It may be said that this quality of compactness is common to all genius, and of the very essence of all true poetry; but Browning manifested it in a way of his own, such as to suggest that he believed in the subordination of all other qualities to it; even of melody, for instance, as may be said by his critics and admitted in many cases by even his strongest admirers. But all things are not given to one, even among the giants; and Browning's force with its measure of melody (which is often great) has its place among others' melody with its measure of force. Open at random: here are two lines in 'A Toccata of Galuppi's,' not deficient in melody by any means:--

"Dear dead women--with such hair, too: what's become of all the gold
Used to hang and brush their bosoms?--I feel chilly and grown old."

This is not Villon's 'Ballad of Dead Ladies,' nor even Tennyson's 'Dream of Fair Women'; but a master can still say a good deal in two lines.

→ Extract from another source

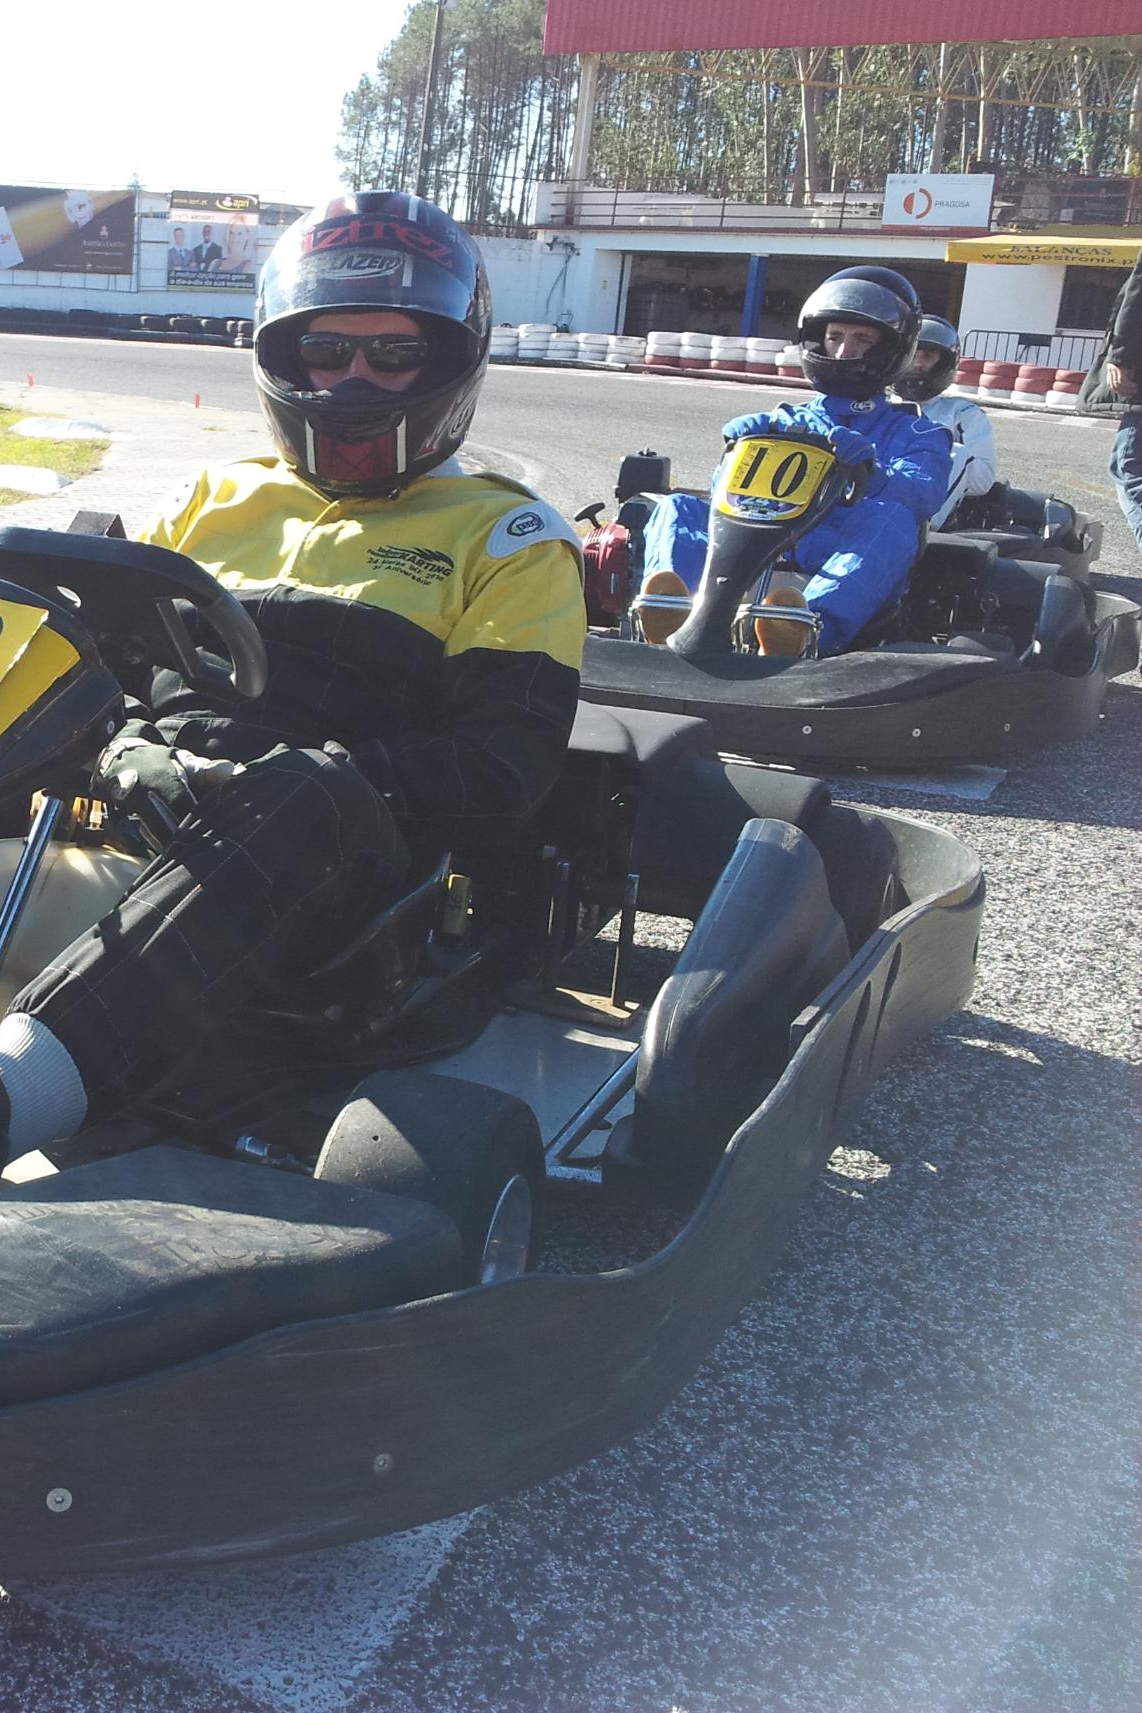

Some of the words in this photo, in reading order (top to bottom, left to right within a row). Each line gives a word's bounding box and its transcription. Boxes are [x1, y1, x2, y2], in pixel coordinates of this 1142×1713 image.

[934, 200, 970, 208] PRAGOSA
[739, 447, 808, 498] 10
[401, 552, 453, 576] KARTING

What is called the "roughness" of Browning's verse is at all events never the roughness that comes from mismanagement or disregard of the form chosen. He has an unerring ear for time and quantity; and his subordination to the laws of his metre is extraordinary in its minuteness. Of ringing lines there are many; of broadly sonorous or softly melodious ones but few; and especially (if one chooses to go into details of technic) he seems curiously without that use of the broad vowels which underlies the melody of so many great passages of English poetry. Except in the one remarkable instance of 'How we Carried the Good News from Ghent to Aix,' there is little onomatopoeia, and almost no note of the flute; no "moan of doves in immemorial elms" or "lucent sirops tinct with cinnamon." On the other hand, in his management of metres like that of 'Love Among the Ruins,' for instance, he shows a different side; the pure lyrics in 'Pippa Passes' and elsewhere sing themselves; and there are memorable cadences in some of the more meditative poems, like 'By the Fireside.'

The vividness and vigor and truth of Browning's embodiments of character come, it is needless to say, from the same power that has created all great dramatic work,--the capacity for incarnating not a quality or an ideal, but the mixture and balance of qualities that make up the real human being. There is not a walking phantom among them, or a lay-figure to hang sentiment on. A writer in the New Review said recently that of all the poets he remembered, only Shakespeare and Browning never drew a prig. It is this complete absence of the false note that gives to certain of Browning's poems the finality which is felt in all consummate works of art, great and small; the sense that they convey, if not the last word, at least the last necessary word, on their subject. 'Andrea del Sarto' is in its way the whole problem of the artist-ideal, the weak will and the inner failure, in all times and guises; and at the other end of the gamut, nobody will ever need again to set forth Bishop Blougram's attitude, or even that of Mr. Sludge the Medium. Of the informing, almost exuberant vitality of all the lyric and dramatic poems, it is needless to speak; that fairly leaps to meet the reader at every page of them, and a quality of it is their essential optimism.

"What is he buzzing in my ears?
Now that I come to die.
Do I view the world as a vale of tears?
Ah, reverend sir, not I!"

The world was never a vale of tears to Robert Browning, man or poet; but a world of men and women, with plenty of red corpuscles in their blood.